The first step to learning about depression is to understand the illness. Depression is a recurrent disease usually caused by an imbalance of chemicals in the brain. There is no set level of intensity with this illness, but many different forms of it. The most common three are as follows: Manic Depressive Disorder, Major Depressive Disorder, and Minor Disorders. Manic Depressive Disorder, or bipolar disease, is one of the strongest forms of depression. It is an illness that affects over 1.2 percent of the American population. Bipolar disease changes emotions, appetite and energy levels at rapid, random rates (athealth.com). Major Depressive Disorder, or clinical depression, is the most common, and least treated type of depression. A person with this disorder experiences significant weight loss or increase, difficulty sleeping, fatigue, insecurity and random depressive episodes involving thoughts of suicide or self inflicted pain. The last common type of depression has numerous different causes and numerous different names. These are forms of depression that are caused by environmental factors. The most common are seasonal (depression caused by the changing of seasons… generally winter) situational (prolonged feelings of sadness and potentially harmful thoughts generated by an occurrence or life problem) and anxiety (depression caused by everyday stresses like work, school and family). Each day people are unknowingly afflicted by these types of depression… and each day they go ignored. How long can such sadness be bottled up before it overwhelms us?

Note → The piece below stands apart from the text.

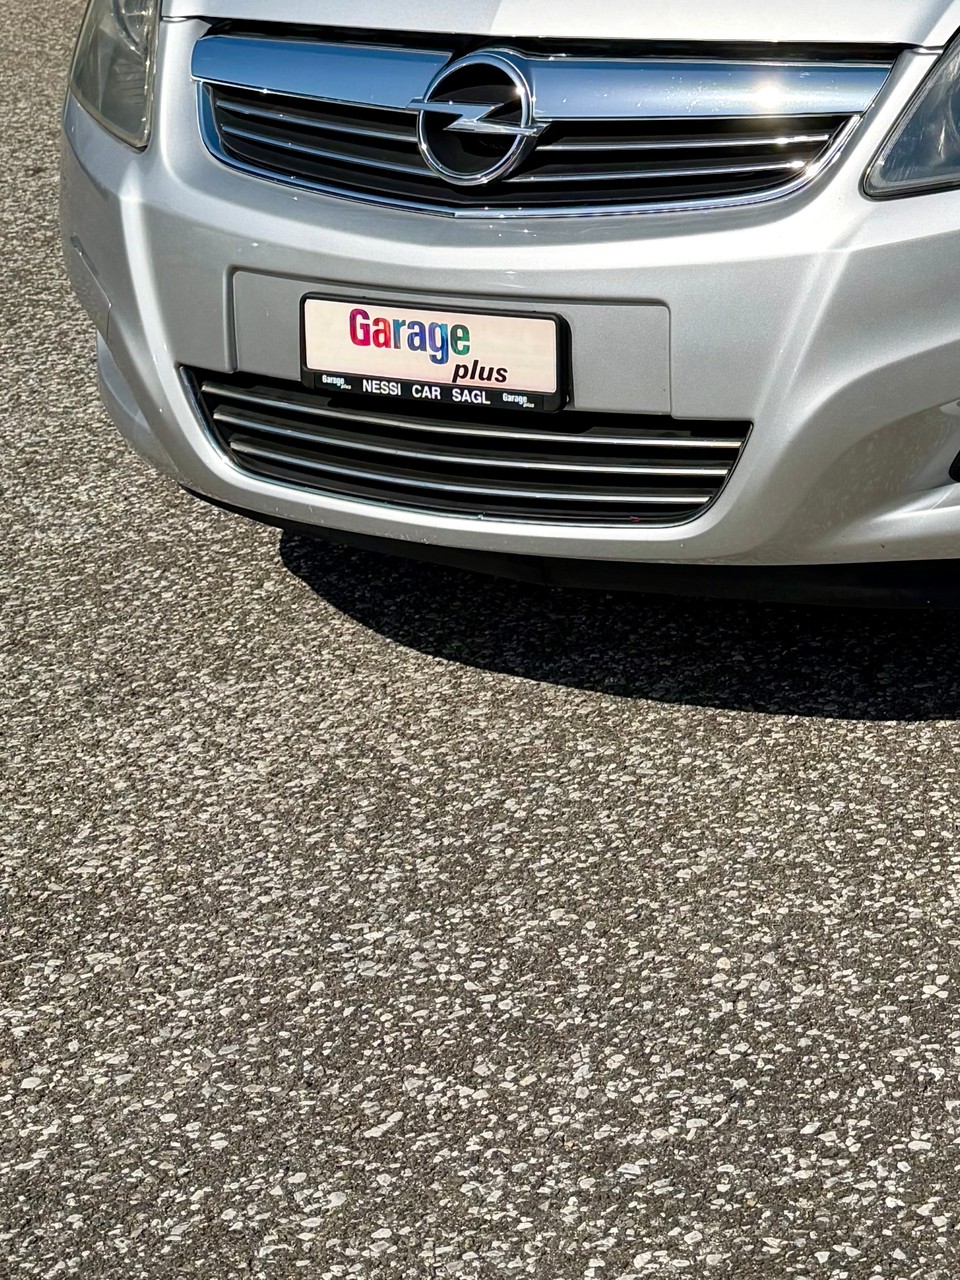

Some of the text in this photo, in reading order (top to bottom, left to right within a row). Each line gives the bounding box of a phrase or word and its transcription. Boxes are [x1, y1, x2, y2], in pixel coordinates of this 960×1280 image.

There are many different causes of depression, exemplified by the many different degrees of it. Simple things like weather, types of food, past experiences, even school, can cause it. Studies show that in the winter, cases of depression increase in number due to the lack of vitamin C from less exposure to the sun. Eating bountiful amounts of junk food, or foods lacking in iron, protein or vitamins, can also cause mild forms of this illness. Any kind of stress can also take part in causing depression (psychologyinfo.com). It is easy to see how any one of us in the world could be depressed at any moment. More severe cases however cannot be understood as easily. The most serious cases of depression can lead to suicide, loss of interest in life and social activities, drug and alcohol abuse, and many other dangerous, permanent issues. It is hard to understand how to help these people, and to understand why such side affects could occur. As a society, it is our responsibility to help these afflicted people understand their emotional changes are not always self-inflicted. Chemical imbalances in the brain are generally caused by genetics (psycologyinfo.com). Depression, in these cases, cannot be helped or “held in”, and must be treated with a medication or therapy to assist in creating a function-able, live-able lifestyle.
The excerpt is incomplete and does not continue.